Góry ( German  Gurren ) is a place in the Polish Warmian-Masurian Voivodeship and belongs to the rural community Budry (Buddern) in the powiat Węgorzewski ( Angerburg district ).

Geographical location

Góry is located in the northeast of the Warmian-Masurian Voivodeship , two kilometers south of the Polish-Russian border . The district town of Węgorzewo (Angerburg) is ten kilometers to the south.

history

Today's village of Góry is made up of three initially independent places, which then joined together to form a municipality. They are:

  • Alt Gurren ( Polish Stare Góry ), consisting only of a small homestead, with 53 inhabitants in 1910,
  • Neu Gurren (Nowe Góry), consisting of a few homesteads, with 122 inhabitants in 1910,
  • Noble Gurren (Góry), estate, with 44 inhabitants in 1910.

In 1874 all three places to the recently completed came consular district Lingwarowen ( Polish Łęgwarowo ) in the district Darkehmen in Administrative district Gumbinnen the Prussian province of East Prussia .

On August 10, 1876, all three places were reclassified from the Lingwarowen district in the Darkehmen district to the Olschöwen district (Polish: Olszewo Węgorzewskie) in the Angerburg district.

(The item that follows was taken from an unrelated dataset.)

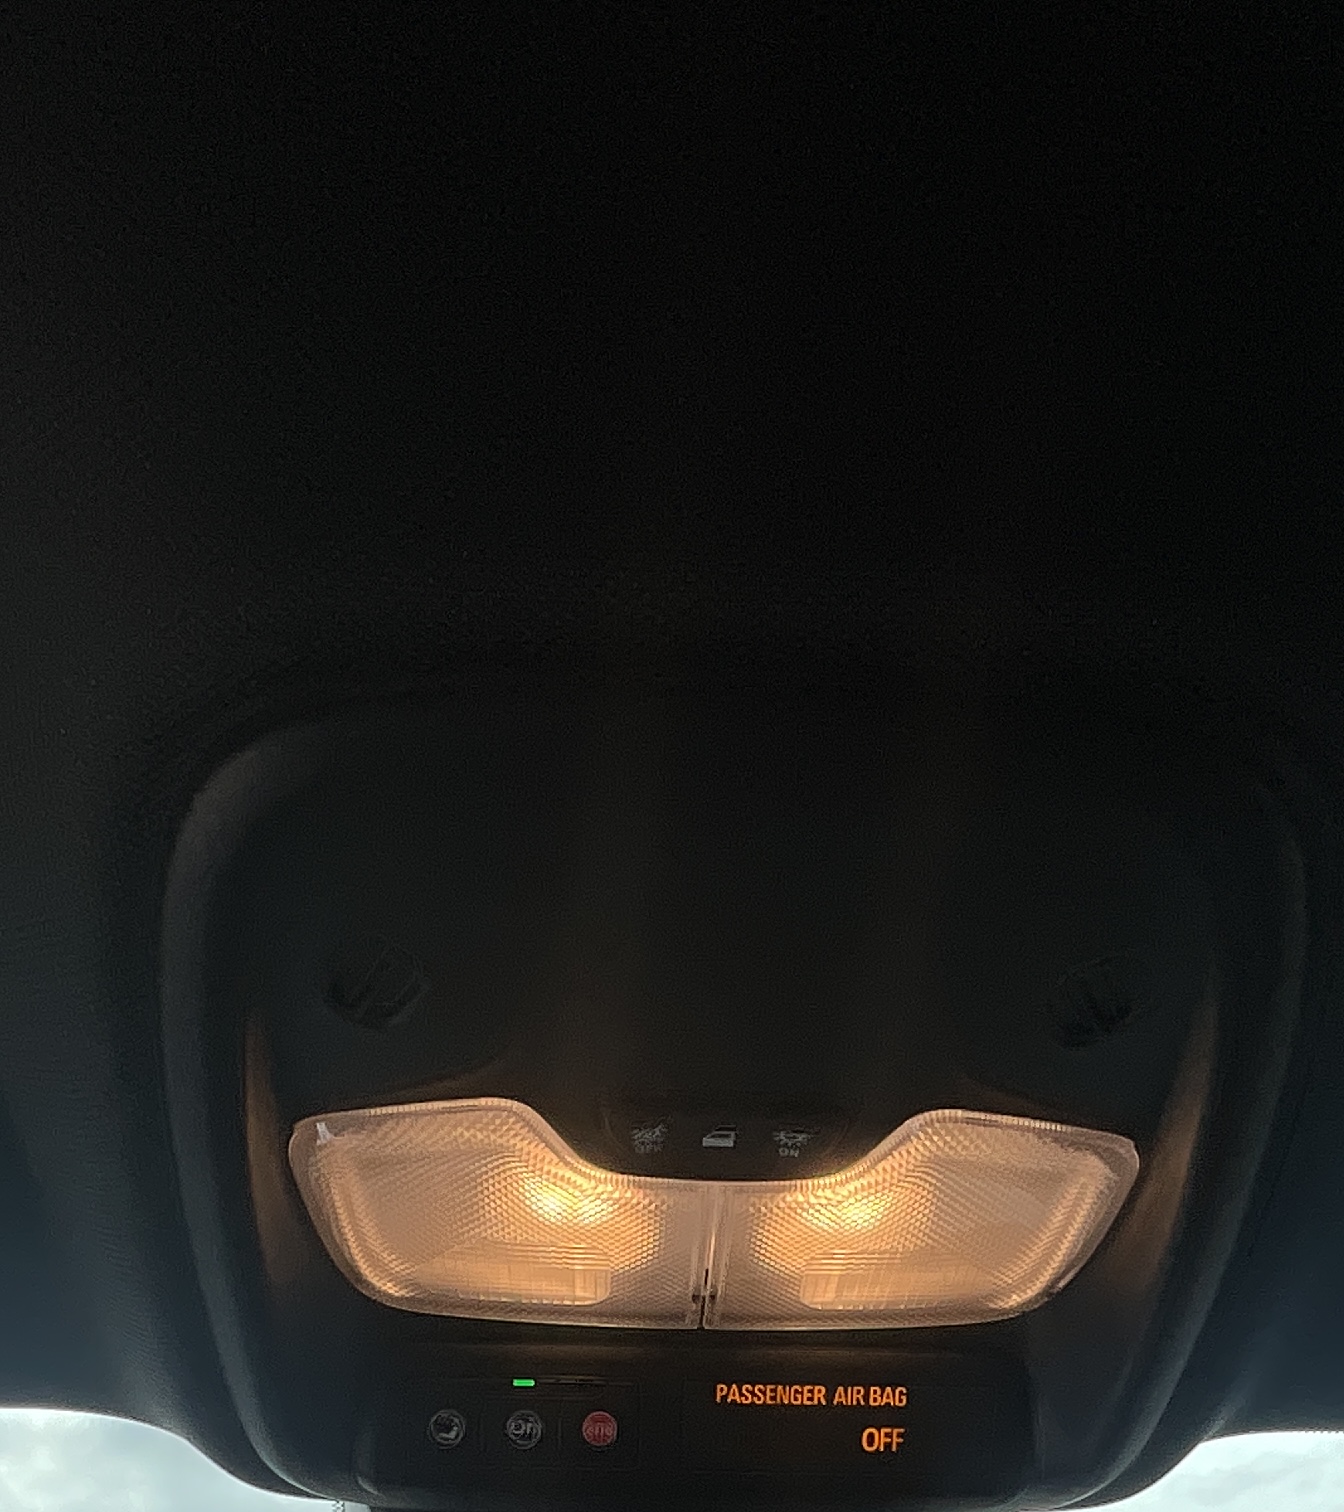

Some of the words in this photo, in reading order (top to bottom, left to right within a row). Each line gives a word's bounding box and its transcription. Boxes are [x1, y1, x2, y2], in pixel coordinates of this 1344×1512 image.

The new rural community Gurren was formed from Alt Gurren and Neu Gurren on April 28, 1927 , and on September 30, 1928 the manor district Adlig Gurren was included. On October 17, 1928, the neighboring estate district Klimken (in Polish: Klimki) from the district of Brosowen (Brzozowo) was added.

The total number of inhabitants in the rural community of Gurren was 354 in 1933 and rose to 403 by 1939.

As a result of the war, the place came to Poland in 1945 along with all of southern East Prussia and since then has had the Polish name "Góry". Today it is the seat of a Schulzenamt (Polish Sołectwo) and a village in the rural community Budry (Buddern) in the powiat Węgorzewski ( Angerburg district ), before 1998 the Suwałki Voivodeship , since then part of the Warmia-Masurian Voivodeship .

Religions

Old, New and Noble Gurren and the rural community Gurren that grew out of them were parish up to 1945 in the Protestant Church of Olschöwen in the church province of East Prussia, the Church of the Old Prussian Union, and in the Catholic Church Zum Guten Hirten Angerburg in the Diocese of Warmia .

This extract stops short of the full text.